Sapori, nato a Siena nel 1892, fu un insigne storico dell’economia medievale, con una produzione di oltre 300 libri e saggi, fu Senatore della Repubblica nell’immediato dopoguerra, e fu rettore dell’Università Bocconi di Milano dal 1952 al 1967: ancor oggi il più lungo rettorato nella storia di quell’istituzione.
Nel 1978, Giuliana Sapori donò alla Biblioteca degli Intronati l’archivio e la biblioteca personale del padre, nonché la collezione di opere in terracotta, disegni e tavolette lignee da lui dipinte, col vincolo che l’intero lascito restasse indiviso. Il quarantennale dalla scomparsa dello studioso sarà l’occasione per ricordare la sua opera e inaugurare una mostra di questi materiali conservati dalla biblioteca: “La mostra – spiega il professor Stefano Moscadelli, ordinario di Archivistica all’Università di Siena – sarà l’occasione per vedere esposte lettere scritte a Sapori dai maggiori storici italiani e di tutto il mondo, libri a lui donati e impreziositi da dediche affettuose, una selezione delle sue pubblicazioni, ma anche testimonianze del suo percorso di vita e dei suoi tanti rapporti di amicizia e cordialità.”
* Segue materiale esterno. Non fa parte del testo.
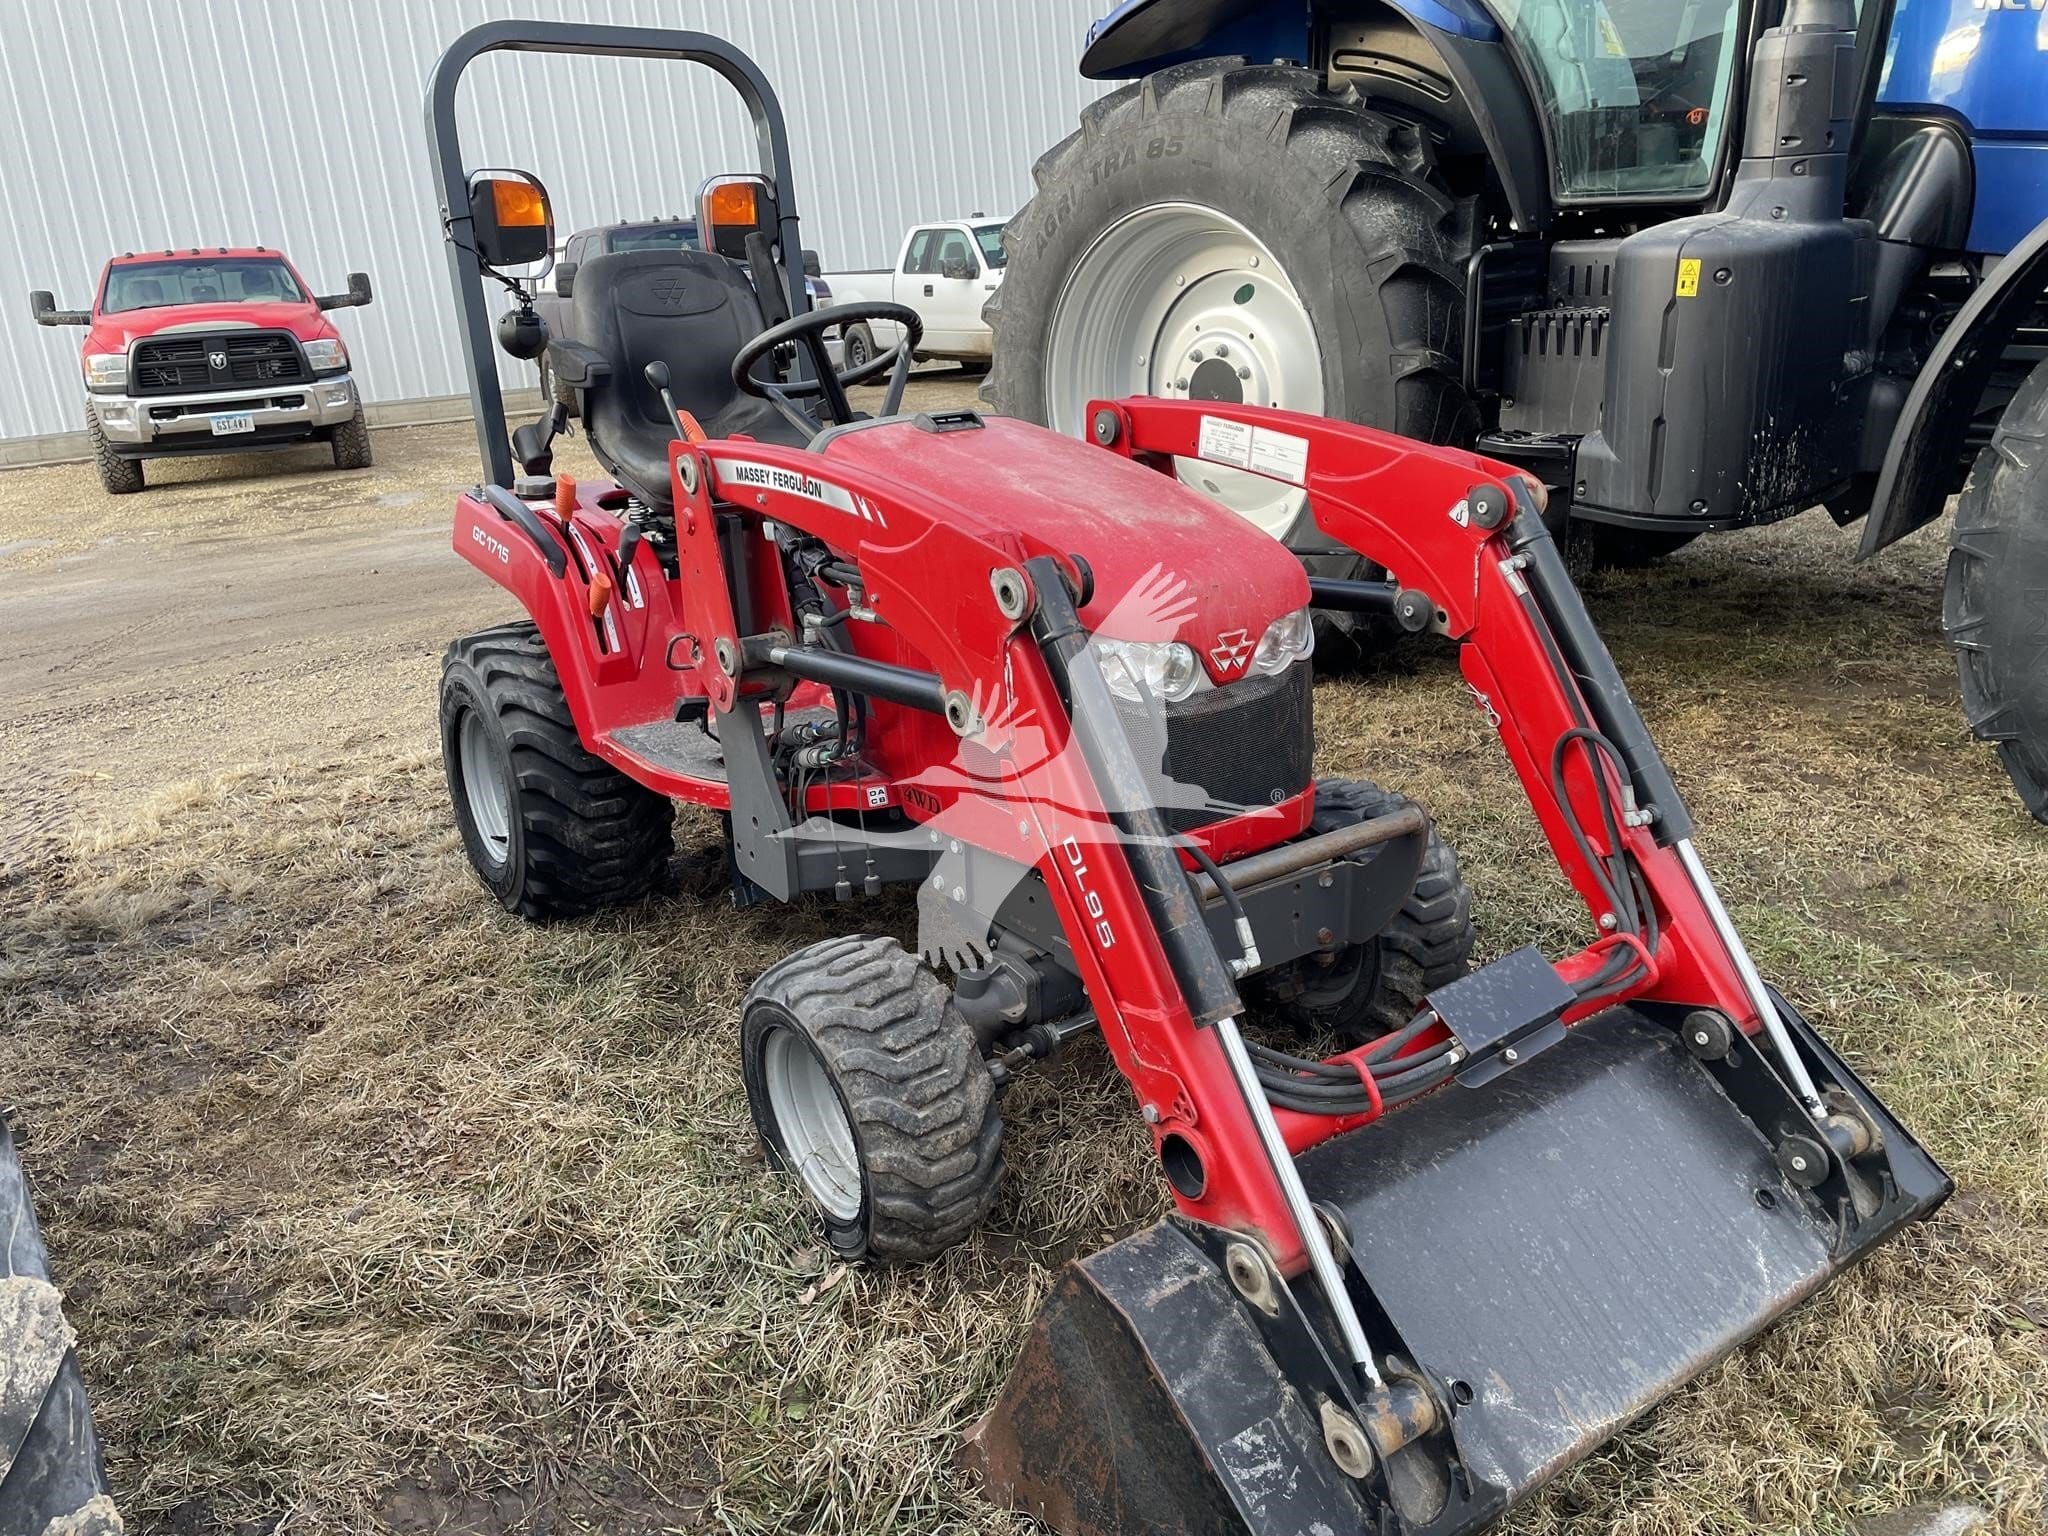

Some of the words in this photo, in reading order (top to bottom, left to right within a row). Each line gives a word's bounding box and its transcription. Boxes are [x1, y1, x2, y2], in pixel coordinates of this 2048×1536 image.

La giornata, organizzata dalla biblioteca comunale insieme al dipartimento di Scienze storiche e dei beni culturali dell’Ateneo senese, vedrà come relatori Roberto Barzanti, presidente del Consiglio di amministrazione della Biblioteca, Francesca Vannozzi, assessore alla cultura del Comune di Siena, Gabriella Piccinni, direttrice del dipartimento di Scienze storiche e dei beni culturali dell’Università di Siena, e lo stesso Stefano Moscadelli, insieme a molti altri esperti, bibliotecari e docenti universitari.
Armando Sapori si spense a Milano il 6 marzo 1976, consegnando i ricordi di una vita ricca di interessi e incontri a due volumi di memorie, Mondo finito (1946) e Cose che capitano (1971), densi di pagine in cui sottolinea i legami con Siena, città d’origine della famiglia e luogo di studi, e soprattutto col Liceo «Piccolomini», al quale dedicò anche, su invito dell’amico Renzo Nuti preside del Liceo, l’articolo Un ragazzo sessant’anni fa al ‘Piccolomini’ edito nell’Annuario del Liceo nel 1965. Nel 1967 la città di Siena lo premiò con il «Mangia d’oro».